### Records for this exercise
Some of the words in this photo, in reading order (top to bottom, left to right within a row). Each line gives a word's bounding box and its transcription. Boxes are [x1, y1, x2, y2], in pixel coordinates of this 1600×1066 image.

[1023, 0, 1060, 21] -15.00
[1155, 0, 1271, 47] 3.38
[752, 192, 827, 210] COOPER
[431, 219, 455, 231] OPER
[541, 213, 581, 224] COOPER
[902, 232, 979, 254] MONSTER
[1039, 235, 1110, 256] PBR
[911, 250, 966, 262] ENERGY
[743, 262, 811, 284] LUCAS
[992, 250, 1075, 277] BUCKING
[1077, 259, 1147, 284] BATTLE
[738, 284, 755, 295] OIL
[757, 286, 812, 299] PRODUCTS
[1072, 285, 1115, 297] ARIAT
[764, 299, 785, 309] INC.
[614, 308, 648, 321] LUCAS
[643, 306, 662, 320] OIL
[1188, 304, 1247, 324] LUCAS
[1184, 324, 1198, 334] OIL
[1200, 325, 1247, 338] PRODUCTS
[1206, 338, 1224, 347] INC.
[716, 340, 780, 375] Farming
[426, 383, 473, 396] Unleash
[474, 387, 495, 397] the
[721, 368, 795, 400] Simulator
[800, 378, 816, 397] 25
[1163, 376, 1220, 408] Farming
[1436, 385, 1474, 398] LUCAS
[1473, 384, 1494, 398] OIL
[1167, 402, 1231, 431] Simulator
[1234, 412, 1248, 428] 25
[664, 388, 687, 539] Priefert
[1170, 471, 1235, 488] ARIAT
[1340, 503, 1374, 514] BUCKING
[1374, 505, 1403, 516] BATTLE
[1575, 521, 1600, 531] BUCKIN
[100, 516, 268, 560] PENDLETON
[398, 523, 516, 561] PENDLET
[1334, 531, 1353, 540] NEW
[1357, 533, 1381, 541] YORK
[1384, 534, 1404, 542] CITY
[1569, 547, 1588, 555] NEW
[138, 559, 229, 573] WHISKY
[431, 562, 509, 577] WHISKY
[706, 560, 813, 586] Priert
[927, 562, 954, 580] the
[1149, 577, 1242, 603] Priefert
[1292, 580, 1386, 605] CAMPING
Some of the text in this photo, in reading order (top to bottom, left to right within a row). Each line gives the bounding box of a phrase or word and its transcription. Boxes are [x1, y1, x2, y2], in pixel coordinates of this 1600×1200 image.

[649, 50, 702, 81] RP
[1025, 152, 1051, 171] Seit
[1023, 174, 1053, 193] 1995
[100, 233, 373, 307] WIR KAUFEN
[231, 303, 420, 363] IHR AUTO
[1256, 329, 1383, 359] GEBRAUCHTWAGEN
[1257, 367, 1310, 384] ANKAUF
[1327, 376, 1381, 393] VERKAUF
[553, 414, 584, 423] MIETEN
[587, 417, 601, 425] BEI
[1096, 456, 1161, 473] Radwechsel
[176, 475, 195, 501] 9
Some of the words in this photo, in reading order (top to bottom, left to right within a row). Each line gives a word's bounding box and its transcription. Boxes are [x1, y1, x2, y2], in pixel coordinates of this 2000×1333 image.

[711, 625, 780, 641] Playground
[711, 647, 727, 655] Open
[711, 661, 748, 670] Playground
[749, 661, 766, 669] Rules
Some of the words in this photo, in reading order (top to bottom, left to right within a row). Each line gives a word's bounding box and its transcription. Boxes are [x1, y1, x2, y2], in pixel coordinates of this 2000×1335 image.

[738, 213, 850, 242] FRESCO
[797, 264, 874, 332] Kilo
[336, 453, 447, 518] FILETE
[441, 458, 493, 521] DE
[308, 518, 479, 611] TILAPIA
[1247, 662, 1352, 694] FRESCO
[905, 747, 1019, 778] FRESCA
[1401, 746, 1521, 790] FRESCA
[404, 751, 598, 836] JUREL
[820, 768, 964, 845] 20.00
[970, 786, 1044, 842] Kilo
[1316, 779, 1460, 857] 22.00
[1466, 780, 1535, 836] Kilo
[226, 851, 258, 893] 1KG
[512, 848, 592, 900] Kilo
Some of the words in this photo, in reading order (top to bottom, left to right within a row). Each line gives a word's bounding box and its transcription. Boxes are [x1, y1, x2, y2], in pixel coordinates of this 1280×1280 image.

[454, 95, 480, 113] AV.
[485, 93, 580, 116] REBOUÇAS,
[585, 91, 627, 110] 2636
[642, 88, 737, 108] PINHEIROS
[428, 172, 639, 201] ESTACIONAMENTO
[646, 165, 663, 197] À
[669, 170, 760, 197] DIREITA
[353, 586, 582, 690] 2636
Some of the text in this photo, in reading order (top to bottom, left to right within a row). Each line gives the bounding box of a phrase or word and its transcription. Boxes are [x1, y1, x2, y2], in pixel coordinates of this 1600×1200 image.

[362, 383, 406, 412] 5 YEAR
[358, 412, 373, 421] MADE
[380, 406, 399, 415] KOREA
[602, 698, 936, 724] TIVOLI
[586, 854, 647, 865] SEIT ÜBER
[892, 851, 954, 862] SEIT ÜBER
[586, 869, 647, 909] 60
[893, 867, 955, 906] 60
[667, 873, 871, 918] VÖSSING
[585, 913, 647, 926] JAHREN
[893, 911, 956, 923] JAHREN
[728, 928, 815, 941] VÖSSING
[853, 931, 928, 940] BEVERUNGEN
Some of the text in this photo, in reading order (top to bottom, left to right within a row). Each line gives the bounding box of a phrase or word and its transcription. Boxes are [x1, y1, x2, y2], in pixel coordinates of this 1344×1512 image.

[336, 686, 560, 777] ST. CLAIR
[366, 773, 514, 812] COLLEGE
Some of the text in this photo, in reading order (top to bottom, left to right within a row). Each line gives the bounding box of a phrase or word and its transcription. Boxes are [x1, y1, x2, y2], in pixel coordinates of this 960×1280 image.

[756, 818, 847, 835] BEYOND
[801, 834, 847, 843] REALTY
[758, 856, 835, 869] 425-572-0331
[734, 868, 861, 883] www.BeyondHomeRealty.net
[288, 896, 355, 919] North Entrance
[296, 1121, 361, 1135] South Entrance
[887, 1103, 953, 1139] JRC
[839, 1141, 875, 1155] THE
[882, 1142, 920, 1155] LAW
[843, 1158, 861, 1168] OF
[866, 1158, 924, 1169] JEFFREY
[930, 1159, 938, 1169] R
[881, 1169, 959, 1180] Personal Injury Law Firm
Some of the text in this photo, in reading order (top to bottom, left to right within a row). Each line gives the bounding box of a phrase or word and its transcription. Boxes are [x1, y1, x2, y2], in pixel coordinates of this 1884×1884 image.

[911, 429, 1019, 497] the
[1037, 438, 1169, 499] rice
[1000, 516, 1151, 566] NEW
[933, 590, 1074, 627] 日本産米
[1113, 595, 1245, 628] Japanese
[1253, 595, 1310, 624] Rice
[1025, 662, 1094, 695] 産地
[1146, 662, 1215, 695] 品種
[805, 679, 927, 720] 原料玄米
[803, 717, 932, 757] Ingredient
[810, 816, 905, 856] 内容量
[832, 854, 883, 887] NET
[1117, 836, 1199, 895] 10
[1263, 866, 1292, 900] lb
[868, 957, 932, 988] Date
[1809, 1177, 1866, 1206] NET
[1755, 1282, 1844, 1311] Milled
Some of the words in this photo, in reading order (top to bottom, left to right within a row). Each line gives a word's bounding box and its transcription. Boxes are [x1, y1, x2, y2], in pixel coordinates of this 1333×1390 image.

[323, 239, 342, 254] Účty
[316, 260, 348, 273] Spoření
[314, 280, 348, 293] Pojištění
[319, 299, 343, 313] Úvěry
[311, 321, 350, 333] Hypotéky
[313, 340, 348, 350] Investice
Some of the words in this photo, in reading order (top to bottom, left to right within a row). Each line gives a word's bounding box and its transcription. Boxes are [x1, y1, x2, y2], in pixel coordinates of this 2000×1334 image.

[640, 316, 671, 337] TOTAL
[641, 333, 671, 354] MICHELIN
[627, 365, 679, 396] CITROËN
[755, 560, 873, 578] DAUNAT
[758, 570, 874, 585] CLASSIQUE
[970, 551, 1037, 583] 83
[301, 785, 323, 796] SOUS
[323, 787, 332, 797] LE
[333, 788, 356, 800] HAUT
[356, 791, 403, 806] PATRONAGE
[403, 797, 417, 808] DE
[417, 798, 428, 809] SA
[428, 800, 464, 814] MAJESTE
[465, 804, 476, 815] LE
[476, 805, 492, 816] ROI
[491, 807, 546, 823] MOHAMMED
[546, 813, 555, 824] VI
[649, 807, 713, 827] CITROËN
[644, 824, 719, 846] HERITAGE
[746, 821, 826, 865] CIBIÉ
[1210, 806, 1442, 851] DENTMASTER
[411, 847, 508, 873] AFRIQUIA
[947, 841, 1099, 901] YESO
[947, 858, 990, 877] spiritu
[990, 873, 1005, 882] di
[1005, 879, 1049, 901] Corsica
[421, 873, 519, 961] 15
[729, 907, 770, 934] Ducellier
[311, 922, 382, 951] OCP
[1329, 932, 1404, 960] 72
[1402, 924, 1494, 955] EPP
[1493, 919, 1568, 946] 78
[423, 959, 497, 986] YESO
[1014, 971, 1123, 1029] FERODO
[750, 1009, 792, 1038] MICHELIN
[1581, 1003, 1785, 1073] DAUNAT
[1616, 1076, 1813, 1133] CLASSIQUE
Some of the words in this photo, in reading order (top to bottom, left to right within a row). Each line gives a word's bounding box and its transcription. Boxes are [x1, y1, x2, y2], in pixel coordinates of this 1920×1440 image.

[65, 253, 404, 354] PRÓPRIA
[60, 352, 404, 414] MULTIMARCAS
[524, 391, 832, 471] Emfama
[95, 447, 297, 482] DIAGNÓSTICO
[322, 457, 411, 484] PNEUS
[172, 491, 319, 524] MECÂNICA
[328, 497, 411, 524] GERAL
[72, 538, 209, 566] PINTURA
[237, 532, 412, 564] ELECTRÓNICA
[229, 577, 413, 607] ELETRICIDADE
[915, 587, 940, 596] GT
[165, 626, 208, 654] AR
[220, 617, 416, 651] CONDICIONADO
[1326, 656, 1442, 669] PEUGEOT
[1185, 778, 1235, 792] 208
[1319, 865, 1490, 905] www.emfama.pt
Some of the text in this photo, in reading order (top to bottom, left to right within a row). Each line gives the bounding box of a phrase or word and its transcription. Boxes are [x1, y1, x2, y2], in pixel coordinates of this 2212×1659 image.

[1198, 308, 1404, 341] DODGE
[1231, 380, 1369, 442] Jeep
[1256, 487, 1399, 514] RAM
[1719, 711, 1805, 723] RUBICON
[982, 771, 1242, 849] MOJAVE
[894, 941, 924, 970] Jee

### What you have to do
Your task is to reproduce, exactly and exclusively, the lines from the one holding "this 1920×1440 image." through the final line of the listing.

### Reply to the exercise
Some of the words in this photo, in reading order (top to bottom, left to right within a row). Each line gives a word's bounding box and its transcription. Boxes are [x1, y1, x2, y2], in pixel coordinates of this 1920×1440 image.

[65, 253, 404, 354] PRÓPRIA
[60, 352, 404, 414] MULTIMARCAS
[524, 391, 832, 471] Emfama
[95, 447, 297, 482] DIAGNÓSTICO
[322, 457, 411, 484] PNEUS
[172, 491, 319, 524] MECÂNICA
[328, 497, 411, 524] GERAL
[72, 538, 209, 566] PINTURA
[237, 532, 412, 564] ELECTRÓNICA
[229, 577, 413, 607] ELETRICIDADE
[915, 587, 940, 596] GT
[165, 626, 208, 654] AR
[220, 617, 416, 651] CONDICIONADO
[1326, 656, 1442, 669] PEUGEOT
[1185, 778, 1235, 792] 208
[1319, 865, 1490, 905] www.emfama.pt
Some of the text in this photo, in reading order (top to bottom, left to right within a row). Each line gives the bounding box of a phrase or word and its transcription. Boxes are [x1, y1, x2, y2], in pixel coordinates of this 2212×1659 image.

[1198, 308, 1404, 341] DODGE
[1231, 380, 1369, 442] Jeep
[1256, 487, 1399, 514] RAM
[1719, 711, 1805, 723] RUBICON
[982, 771, 1242, 849] MOJAVE
[894, 941, 924, 970] Jee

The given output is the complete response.